The Functional Rating Scale Symptoms Of Dementia:
This scale was developed by J. Thomas Hutton and his associates to measure changes in everyday behavior, such as eating and dressing, that appeared to be most noticeably affected by the disease. The scale is included here to describe various behaviors that can be expected to change as the disease progresses. For example, in the early stages of the disease, the patient may have no difficulty eating with the appropriate utensils. Later, eating with utensils is accomplished with great difficulty, and eventually the patient will need to be fed.
Rate of progression of disease:
Scores on the Functional scale may range from 0(no impairment) to 42(severe impairment). In a small but interesting study conducted by Dr. Hutton and his colleagues, fourteen Alzheimer patients were monitored over two years.

Functional Scale scores were measured every six months throughout the two-year period.

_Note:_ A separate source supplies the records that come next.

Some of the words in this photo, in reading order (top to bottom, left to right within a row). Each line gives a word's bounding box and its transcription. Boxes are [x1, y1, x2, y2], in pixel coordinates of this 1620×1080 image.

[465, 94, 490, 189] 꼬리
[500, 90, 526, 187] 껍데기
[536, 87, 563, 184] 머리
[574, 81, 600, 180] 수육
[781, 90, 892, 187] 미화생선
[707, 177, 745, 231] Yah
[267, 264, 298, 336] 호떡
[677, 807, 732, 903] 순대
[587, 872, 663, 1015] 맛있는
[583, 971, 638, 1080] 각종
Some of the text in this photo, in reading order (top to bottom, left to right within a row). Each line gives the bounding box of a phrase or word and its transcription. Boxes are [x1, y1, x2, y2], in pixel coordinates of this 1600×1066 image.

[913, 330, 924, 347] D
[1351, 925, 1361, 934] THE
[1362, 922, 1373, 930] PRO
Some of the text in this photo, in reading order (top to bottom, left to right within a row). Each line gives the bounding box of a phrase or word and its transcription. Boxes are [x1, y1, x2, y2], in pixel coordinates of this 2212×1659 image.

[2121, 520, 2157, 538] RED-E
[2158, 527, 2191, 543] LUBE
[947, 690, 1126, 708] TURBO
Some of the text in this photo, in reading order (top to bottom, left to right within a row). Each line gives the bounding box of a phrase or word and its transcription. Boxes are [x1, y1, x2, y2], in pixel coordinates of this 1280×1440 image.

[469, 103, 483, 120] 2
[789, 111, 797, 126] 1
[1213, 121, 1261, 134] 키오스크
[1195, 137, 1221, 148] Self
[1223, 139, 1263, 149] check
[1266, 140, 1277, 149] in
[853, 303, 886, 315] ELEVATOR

At the beginning of the study some patients had only mild impairment (functional Scale scores of less than 21), while in others, the disease was in its more advanced stages (Functional Scale Scores of greater than 21). This study found that Alzheimer’s disease caused significantly more impairment in functional ability at each time of measurement. Thus the disease progresses at a relatively stable rate. It would be uncommon, for example, for someone to go for over six months without showing some obvious decline in ability to respond to his environment.
Nursing Home Placement:
During this study, twelve of the fourteen. Patients were placed in nursing homes by their families. It was discovered that at the time the families decided that they were unable to care for their Alzheimer family member at home, the patient had scores on the Functional scale in the low 30s. In this study, individuals who had moderate impairment at the beginning of the study were typically placed in nursing homes approximately eighteen to twenty-four months later. Individuals who were more severely impaired at the beginning of the study were typically placed in nursing homes within six months to one year.
There is much variability in the rate of progression of the disease for individual patients. Although life expectancy following the onset of Alzheimer’s disease is generally five to ten years, this time may vary widely. The estimates provided here should serve only to aid in planning for eventual nursing home placement. There are sometimes waiting lists for preferred nursing homes, and financial planning will be necessary. Having an idea of when other families have found it necessary to establish residence in a nursing home may help the caregiver to plan for the best possible care for the Alzheimer patient at later stages of the disease.
Several key items on the Functional Scale -
(1) Incontinence
(2) Inability to speak coherently
(3) The need for assistance with bathing and grooming, were closely associated with institutional placement.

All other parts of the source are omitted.